Instructions for the task: Look in the data below for the line that contains "this 1600×1067 image.". Copy that line and the remaining lines exactly.

Segment Start: Excerpted records

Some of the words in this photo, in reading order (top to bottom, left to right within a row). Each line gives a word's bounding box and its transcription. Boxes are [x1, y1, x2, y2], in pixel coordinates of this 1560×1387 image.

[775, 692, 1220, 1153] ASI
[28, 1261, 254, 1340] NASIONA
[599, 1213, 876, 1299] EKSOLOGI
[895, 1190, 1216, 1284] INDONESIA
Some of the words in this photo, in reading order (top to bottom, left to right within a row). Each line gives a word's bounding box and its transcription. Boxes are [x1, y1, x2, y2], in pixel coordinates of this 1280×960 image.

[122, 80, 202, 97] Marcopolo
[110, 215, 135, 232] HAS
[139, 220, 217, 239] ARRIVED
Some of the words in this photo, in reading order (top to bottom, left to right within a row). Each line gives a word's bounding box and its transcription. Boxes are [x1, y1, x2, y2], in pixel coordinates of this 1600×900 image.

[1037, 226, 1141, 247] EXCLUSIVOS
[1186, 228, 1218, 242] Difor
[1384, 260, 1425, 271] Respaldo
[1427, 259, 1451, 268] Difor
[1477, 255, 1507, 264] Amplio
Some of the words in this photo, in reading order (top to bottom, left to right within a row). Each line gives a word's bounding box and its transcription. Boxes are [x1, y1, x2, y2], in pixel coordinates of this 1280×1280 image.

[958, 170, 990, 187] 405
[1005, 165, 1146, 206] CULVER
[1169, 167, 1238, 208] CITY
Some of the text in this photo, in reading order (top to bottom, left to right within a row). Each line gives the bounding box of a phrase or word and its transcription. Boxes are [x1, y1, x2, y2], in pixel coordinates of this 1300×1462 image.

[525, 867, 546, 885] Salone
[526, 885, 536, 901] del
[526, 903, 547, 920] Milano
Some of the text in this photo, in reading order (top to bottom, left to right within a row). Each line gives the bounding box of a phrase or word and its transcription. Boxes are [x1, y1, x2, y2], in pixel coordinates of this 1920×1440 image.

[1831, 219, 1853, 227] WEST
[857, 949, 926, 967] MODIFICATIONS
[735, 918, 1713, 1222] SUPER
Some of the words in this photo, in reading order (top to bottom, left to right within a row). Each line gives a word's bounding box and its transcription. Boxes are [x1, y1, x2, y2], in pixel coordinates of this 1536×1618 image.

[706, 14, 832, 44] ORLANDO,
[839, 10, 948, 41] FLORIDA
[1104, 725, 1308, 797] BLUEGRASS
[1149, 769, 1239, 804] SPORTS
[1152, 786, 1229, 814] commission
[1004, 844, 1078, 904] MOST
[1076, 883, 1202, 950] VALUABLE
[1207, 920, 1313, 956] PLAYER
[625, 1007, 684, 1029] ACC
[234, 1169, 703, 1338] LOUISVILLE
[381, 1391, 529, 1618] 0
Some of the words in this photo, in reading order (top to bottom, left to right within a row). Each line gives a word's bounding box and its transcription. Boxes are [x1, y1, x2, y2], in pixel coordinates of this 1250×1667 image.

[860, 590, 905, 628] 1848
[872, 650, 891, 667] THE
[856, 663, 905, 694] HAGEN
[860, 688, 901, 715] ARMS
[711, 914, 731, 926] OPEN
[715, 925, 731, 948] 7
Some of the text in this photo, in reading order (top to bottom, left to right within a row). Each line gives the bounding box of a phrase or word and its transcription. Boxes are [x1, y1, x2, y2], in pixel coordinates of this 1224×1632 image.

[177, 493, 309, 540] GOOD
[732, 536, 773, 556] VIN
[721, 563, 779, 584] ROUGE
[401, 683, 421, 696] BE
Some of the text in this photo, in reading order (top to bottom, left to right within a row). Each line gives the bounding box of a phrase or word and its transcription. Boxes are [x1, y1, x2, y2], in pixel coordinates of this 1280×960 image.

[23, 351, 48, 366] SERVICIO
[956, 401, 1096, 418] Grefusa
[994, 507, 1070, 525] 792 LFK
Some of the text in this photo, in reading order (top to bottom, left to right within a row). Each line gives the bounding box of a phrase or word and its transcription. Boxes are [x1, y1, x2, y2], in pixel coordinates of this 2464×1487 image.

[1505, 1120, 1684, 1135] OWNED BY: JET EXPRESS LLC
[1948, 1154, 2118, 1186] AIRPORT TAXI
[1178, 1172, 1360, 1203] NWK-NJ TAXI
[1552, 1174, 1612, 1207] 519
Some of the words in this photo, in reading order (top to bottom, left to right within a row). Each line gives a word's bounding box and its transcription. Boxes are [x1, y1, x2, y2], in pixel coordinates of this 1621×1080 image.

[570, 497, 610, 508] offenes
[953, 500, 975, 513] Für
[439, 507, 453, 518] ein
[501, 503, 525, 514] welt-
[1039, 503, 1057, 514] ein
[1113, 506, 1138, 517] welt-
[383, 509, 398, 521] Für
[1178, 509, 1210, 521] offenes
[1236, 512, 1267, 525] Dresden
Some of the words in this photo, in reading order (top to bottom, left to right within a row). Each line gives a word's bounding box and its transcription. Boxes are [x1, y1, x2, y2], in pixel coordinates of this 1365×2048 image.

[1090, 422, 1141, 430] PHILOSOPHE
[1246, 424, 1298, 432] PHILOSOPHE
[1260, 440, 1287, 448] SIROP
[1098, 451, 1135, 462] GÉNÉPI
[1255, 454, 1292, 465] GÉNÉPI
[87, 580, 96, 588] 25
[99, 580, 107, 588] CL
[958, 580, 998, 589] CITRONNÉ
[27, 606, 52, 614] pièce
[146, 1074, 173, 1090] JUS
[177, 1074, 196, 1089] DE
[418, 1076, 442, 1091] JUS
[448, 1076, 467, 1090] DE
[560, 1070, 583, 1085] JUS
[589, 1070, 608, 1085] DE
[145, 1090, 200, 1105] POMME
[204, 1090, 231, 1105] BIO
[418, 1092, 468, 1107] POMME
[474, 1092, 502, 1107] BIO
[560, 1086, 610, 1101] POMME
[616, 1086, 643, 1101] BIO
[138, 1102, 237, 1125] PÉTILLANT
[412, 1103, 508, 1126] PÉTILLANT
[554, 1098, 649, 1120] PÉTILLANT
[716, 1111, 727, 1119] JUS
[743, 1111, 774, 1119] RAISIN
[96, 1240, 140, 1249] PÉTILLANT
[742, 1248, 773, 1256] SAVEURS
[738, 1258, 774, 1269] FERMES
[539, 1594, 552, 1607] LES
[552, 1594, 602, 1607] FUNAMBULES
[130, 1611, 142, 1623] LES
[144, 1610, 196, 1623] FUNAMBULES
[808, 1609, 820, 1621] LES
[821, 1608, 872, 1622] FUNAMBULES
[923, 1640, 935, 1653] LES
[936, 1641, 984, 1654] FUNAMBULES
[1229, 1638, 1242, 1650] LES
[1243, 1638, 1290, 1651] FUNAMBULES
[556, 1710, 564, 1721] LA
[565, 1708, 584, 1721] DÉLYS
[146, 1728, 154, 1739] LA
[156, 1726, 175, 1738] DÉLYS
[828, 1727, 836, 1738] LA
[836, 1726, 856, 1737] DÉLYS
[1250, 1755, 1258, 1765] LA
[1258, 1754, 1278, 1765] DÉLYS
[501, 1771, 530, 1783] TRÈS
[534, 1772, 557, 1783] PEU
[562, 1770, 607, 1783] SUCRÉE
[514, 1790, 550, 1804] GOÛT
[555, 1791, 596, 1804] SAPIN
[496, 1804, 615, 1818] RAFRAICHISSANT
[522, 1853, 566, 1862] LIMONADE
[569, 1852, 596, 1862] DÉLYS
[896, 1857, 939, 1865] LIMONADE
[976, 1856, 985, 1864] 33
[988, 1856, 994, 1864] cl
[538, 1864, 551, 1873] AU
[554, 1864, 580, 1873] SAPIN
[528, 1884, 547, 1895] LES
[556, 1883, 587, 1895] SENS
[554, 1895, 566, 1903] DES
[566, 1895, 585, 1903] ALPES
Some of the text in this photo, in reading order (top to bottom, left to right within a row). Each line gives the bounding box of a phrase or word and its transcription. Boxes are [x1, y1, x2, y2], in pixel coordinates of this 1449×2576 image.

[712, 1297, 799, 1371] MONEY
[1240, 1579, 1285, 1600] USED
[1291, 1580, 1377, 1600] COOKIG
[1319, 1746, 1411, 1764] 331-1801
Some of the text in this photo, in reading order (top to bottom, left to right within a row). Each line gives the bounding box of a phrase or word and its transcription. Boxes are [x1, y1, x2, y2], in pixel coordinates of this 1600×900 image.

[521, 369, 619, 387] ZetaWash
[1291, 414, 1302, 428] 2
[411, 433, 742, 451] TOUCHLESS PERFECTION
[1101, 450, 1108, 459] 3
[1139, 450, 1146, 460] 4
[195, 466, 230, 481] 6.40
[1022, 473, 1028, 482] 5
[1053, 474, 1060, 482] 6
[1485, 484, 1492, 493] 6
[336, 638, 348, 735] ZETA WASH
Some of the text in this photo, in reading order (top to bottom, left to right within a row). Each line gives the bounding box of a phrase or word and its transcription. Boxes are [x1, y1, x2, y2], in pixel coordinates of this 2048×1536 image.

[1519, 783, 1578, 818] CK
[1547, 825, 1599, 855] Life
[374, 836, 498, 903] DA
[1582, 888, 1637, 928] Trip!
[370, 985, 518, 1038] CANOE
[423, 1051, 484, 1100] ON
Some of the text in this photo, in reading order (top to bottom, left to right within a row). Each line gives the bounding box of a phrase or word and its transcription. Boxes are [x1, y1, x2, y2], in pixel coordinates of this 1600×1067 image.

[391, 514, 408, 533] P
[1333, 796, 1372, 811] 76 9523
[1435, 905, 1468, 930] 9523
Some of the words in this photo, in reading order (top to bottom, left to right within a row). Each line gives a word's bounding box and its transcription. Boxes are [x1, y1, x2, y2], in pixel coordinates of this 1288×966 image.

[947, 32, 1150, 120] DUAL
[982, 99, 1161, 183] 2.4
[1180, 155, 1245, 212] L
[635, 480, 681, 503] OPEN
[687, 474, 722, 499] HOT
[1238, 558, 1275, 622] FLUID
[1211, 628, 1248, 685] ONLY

Segment End: Excerpted records

Answer box:
Some of the text in this photo, in reading order (top to bottom, left to right within a row). Each line gives the bounding box of a phrase or word and its transcription. Boxes are [x1, y1, x2, y2], in pixel coordinates of this 1600×1067 image.

[391, 514, 408, 533] P
[1333, 796, 1372, 811] 76 9523
[1435, 905, 1468, 930] 9523
Some of the words in this photo, in reading order (top to bottom, left to right within a row). Each line gives a word's bounding box and its transcription. Boxes are [x1, y1, x2, y2], in pixel coordinates of this 1288×966 image.

[947, 32, 1150, 120] DUAL
[982, 99, 1161, 183] 2.4
[1180, 155, 1245, 212] L
[635, 480, 681, 503] OPEN
[687, 474, 722, 499] HOT
[1238, 558, 1275, 622] FLUID
[1211, 628, 1248, 685] ONLY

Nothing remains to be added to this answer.